Enemies without.

Back in 1980 — what seems like ten thousand years ago now — I spent a year at the State University of New York College at New Paltz, about an hour north of New York City. It was a tumultuous year, the last of the Carter presidency, with the election of Ronald Reagan, the assassination of John Lennon, and — on a more personal note — the death of my brother Mark, a very excellent jazz pianist (among numerous other things), whose car was knocked off the road by some drunk up in Maine (a blood-alcohol brother of Dubya, no doubt… but I digress). It was also a full year of the Iranian hostage crisis, during which our nation was taken by a kind of hyper-nationalism hitherto unknown to me. Some may remember (amid the soaring gas prices) the jingoistic songs on the radio, the first bloom of yellow ribbons, and the like. I can remember walking through one of the classroom buildings at New Paltz and seeing some bulletin board graffiti that read, “Who needs the Ayatollah’s oil? We’ve got 15,000 Iranian students to burn.”

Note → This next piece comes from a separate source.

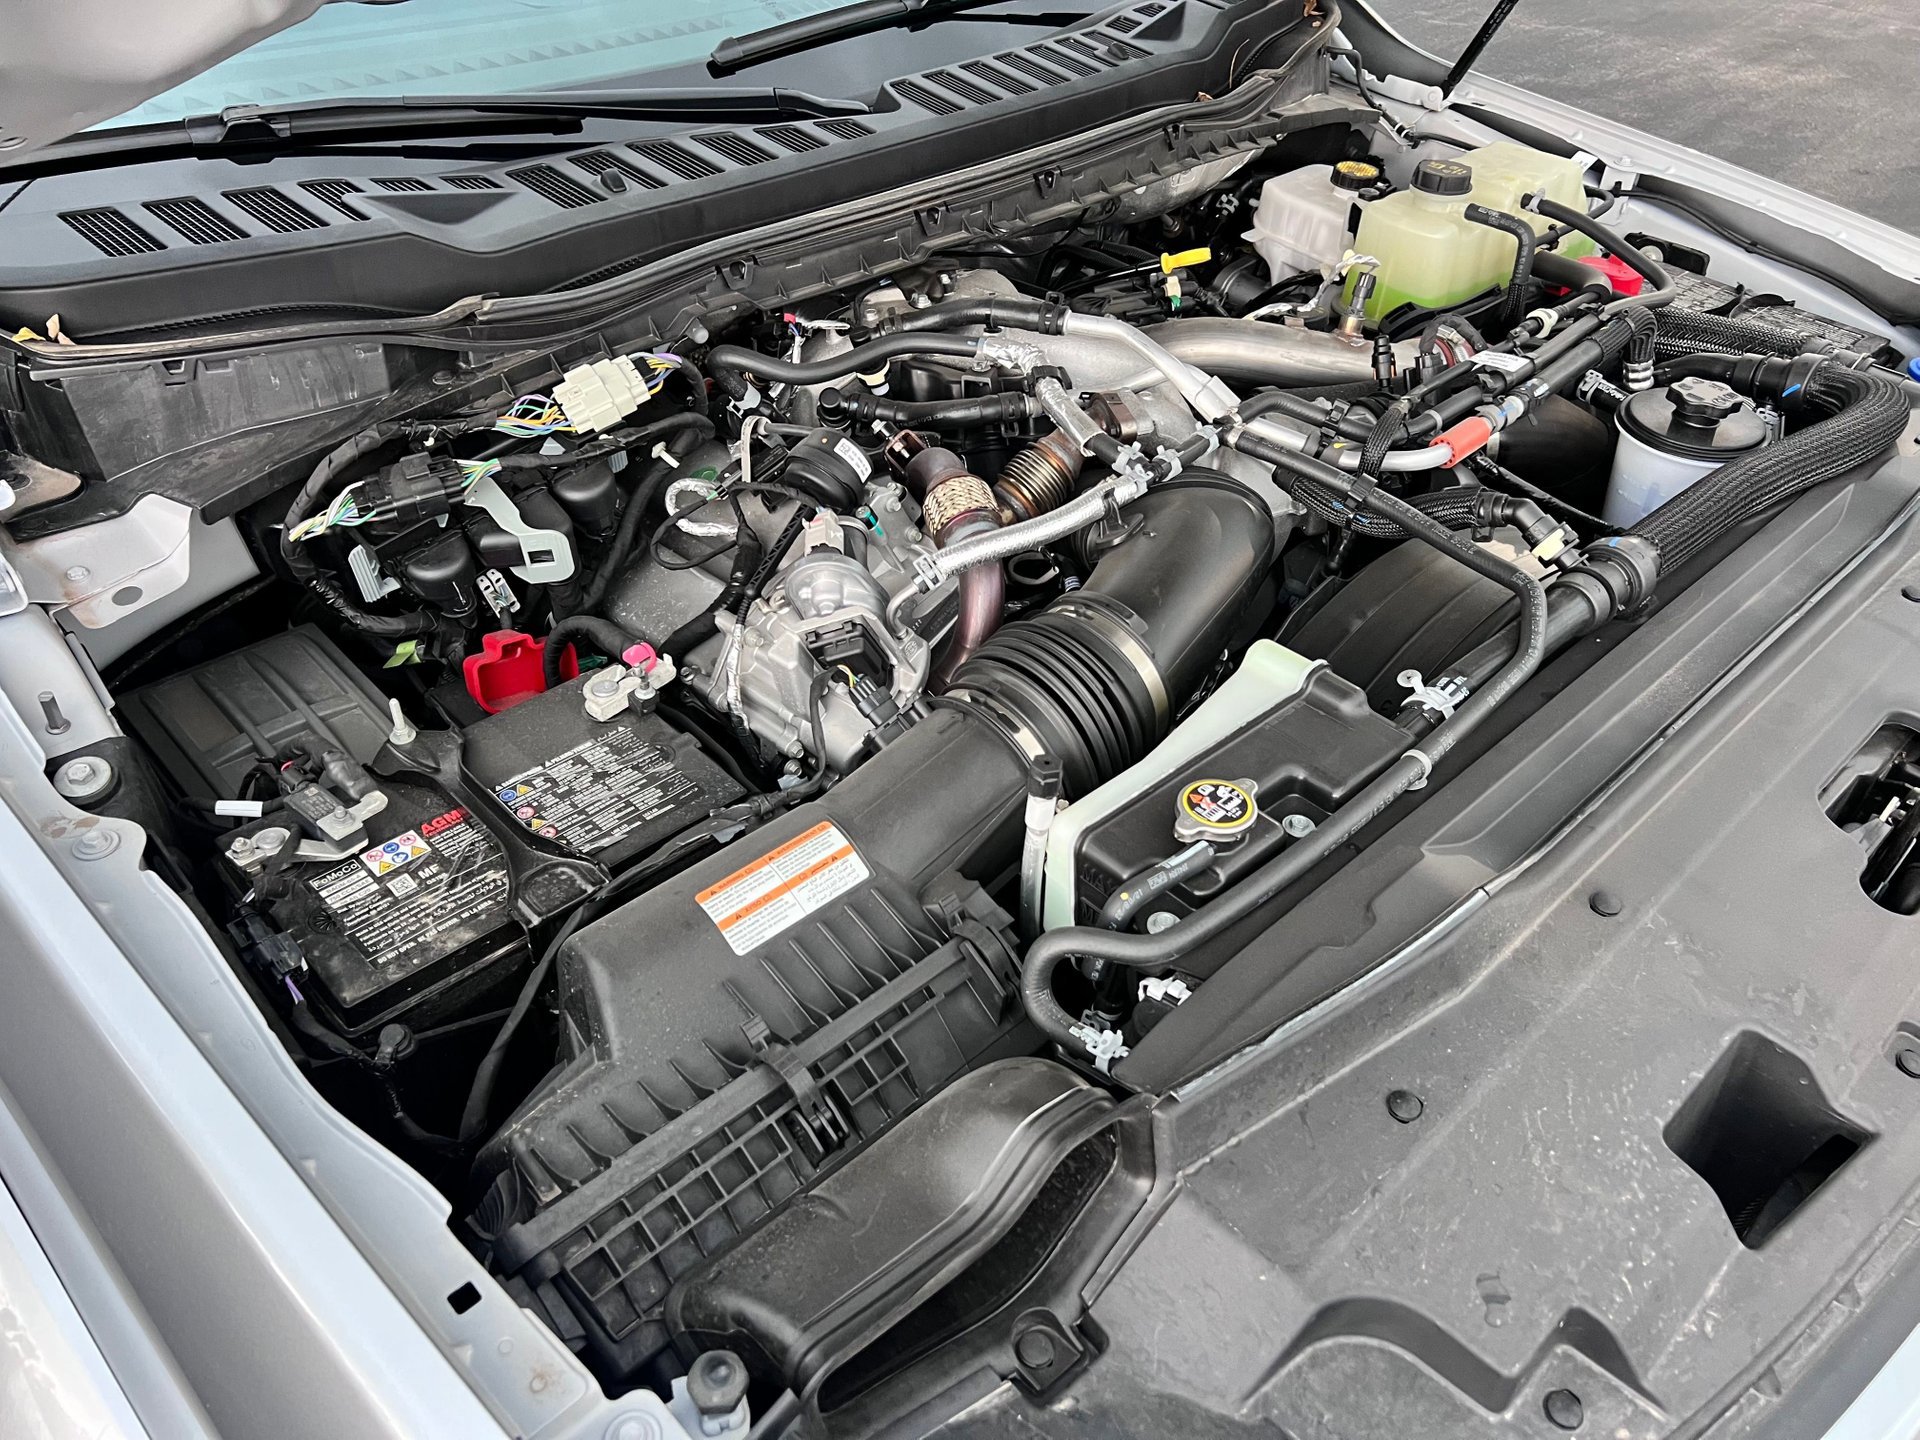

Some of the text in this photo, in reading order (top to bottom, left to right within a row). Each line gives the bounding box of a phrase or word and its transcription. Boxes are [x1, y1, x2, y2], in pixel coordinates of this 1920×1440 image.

Those were indeed ugly times, as are these. But the madness of 1980 set the template for much of what followed, and we are still living with its repercussions. Iran remains official enemy number one — the “Great Satan”, in the parlance of the mullahs — their crimes against the U.S. a rap sheet that usually includes support for terrorism (mostly in reference to Hezbollah), nuclear ambitions, and posing an existential threat to Israel. Pretty thin gruel, as it happens. Yes, they give money and supplies to Hezbollah, but Hezbollah wouldn’t exist if it hadn’t been for Israel’s hysterical use of firepower over their 19-year occupation of Lebanon and thereafter. Yes, Iran does seek to enrich uranium, but these activities are still within the legal parameters of the nuclear non-proliferation treaty, and they have not demonstrated the ability to produce anything approaching weapons-grade uranium… though with a consistently belligerent nuclear-armed state (Israel) threatening them from just over the horizon, I wouldn’t be surprised if they should move in that direction. As for the existential threat to Israel, see the previous sentence. The only credible existential threat is the one directed at Iran by the regional nuclear power and by the global superpower (us). Amadenijad’s fulminations about Israel carry little weight a) because he is not the supreme leader of Iran, and b) because Iran does not have the capability to even begin to destroy Israel.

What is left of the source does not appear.